This highly technical subject is superbly covered in a recent CRS report at:
Hate to pick on FEMA but I do notice that Part 8 of Title 44 was last amended in 1986. In FEMA I found few people who actually understood well the world of document classification and declassification. The requirement for annual training was almost uniformly disregarded. Often aging employees would leave an occassional document on their desk and the discovery of that document being unsecured led to the required investigation usually resulting in the conclusion that probabilty of a leak was small since FEMA to some extent was a secure facility although there might have been an accidental disclosure to non-cleared personnel.

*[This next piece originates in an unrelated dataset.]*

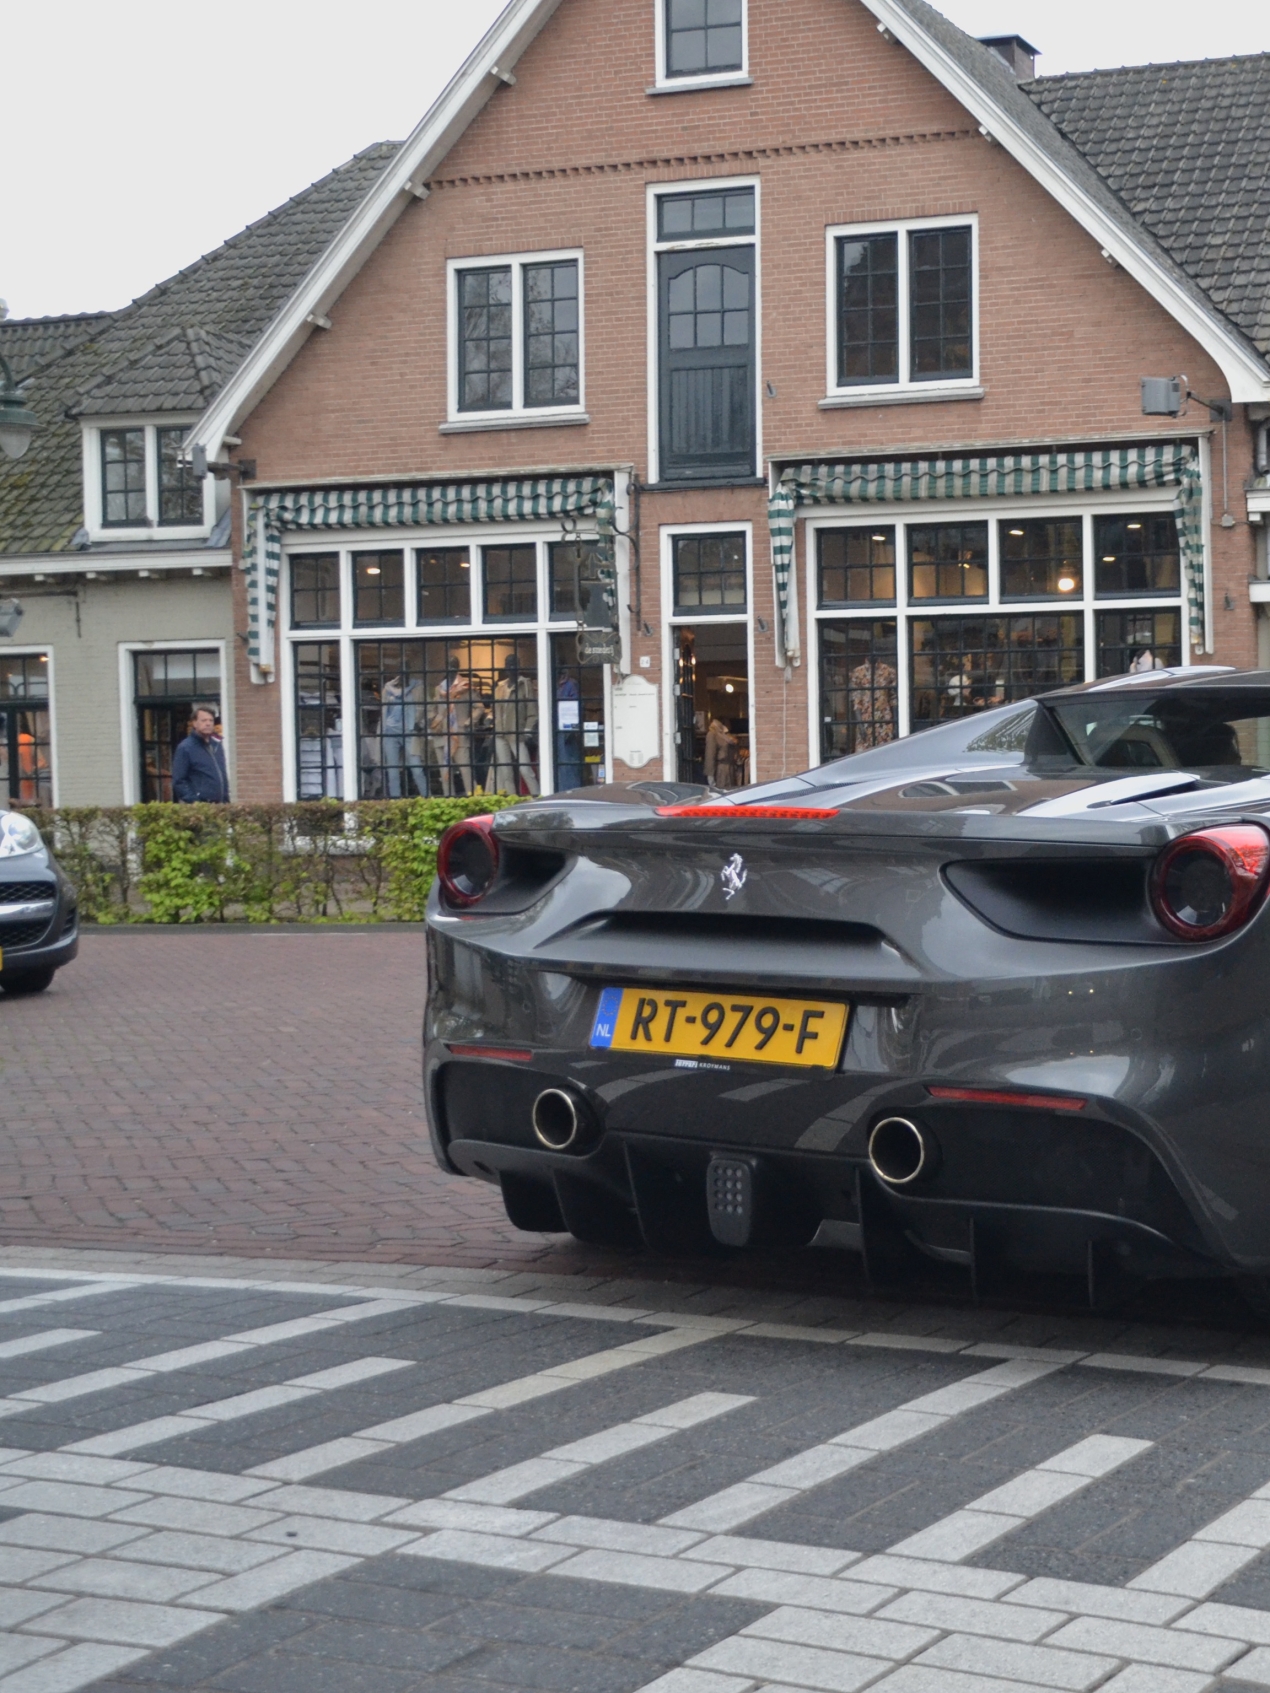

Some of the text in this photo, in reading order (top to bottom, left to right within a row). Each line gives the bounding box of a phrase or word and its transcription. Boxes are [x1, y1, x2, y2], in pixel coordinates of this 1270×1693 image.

[595, 1023, 611, 1037] NL
[630, 997, 825, 1054] RT-979-F
[699, 1062, 731, 1071] KROYMANS

What I find most interesting is that the volume of classified documents has continued to increase with the Obama Administration. I have pointed out that several departments and agenices got original classification authority for the first time post 9/11/01. HHS and EPA for two of them. They of course did have access to some derivatively classified information before that. Their new authority extends only to the Secret level.
Well I know of no agency or department that has attempted to put into writing a need-to-know document authorizing access to certain classified, functions, and activities. Instead Need-To-Know is often allowed to ensure that certain bureacrats have power in the form of knowledge others don’t have. I remember on instance in FEMA when a NSDD (National Security Decision Directive) was described to me as being highly classified and I had no need to know its contents. Since my position was to lawyer that activity I said that no document, or activity would be cleared by me until I saw the NSDD. When I did see it it was unclassified.
InfoSharing issues were addressed partially by the 9/11 Commission and I was interviewed by staff for almost 5 hours mostly on how the non-statutory Need-To-Know restriction was used to manipulate individuals and the bureacy.
I followed with fascination the hearings on the so-called Gorelick MEMO erecting a wall between the investigation and prosecution of crimes and the INTEL function. I never heard discussed the SCOTUS ruling in a case I believe was EXXON v. US over Rule 6-E that concluded that no grand jury testimony could be accessed by civil enforcement lawyers at the Department of Justice. This clearly was a pro-business ruling by SCOTUS because the great fear of corporate culprits escaping prosecution was that the civil fines and forfeiture requiremens and treble-damages under the AntiTrust rules were feared far more than the criminal enforcement threat.
Another example was the prosecution of VP Spiro Agnew for bribery wherein he fought almost harder IMO against the civil forefiture provisions with respect to his undeclared income from bribes–and yes a bribe of a public official is considered income–as his efforts to oppose criminal sanctions. In the end he succeeded in protecting much of the vast wealth he had gained as a corrupt politician.
Anyhow read the report! Hoping FEMA updates 8 CFR of Title 44. And hoping that someone slows down the secret government that is destroying our democracy (Republic). By the way elected Members of Congress automatically are given a Secret level clearance but of course many have no Need-to-Know!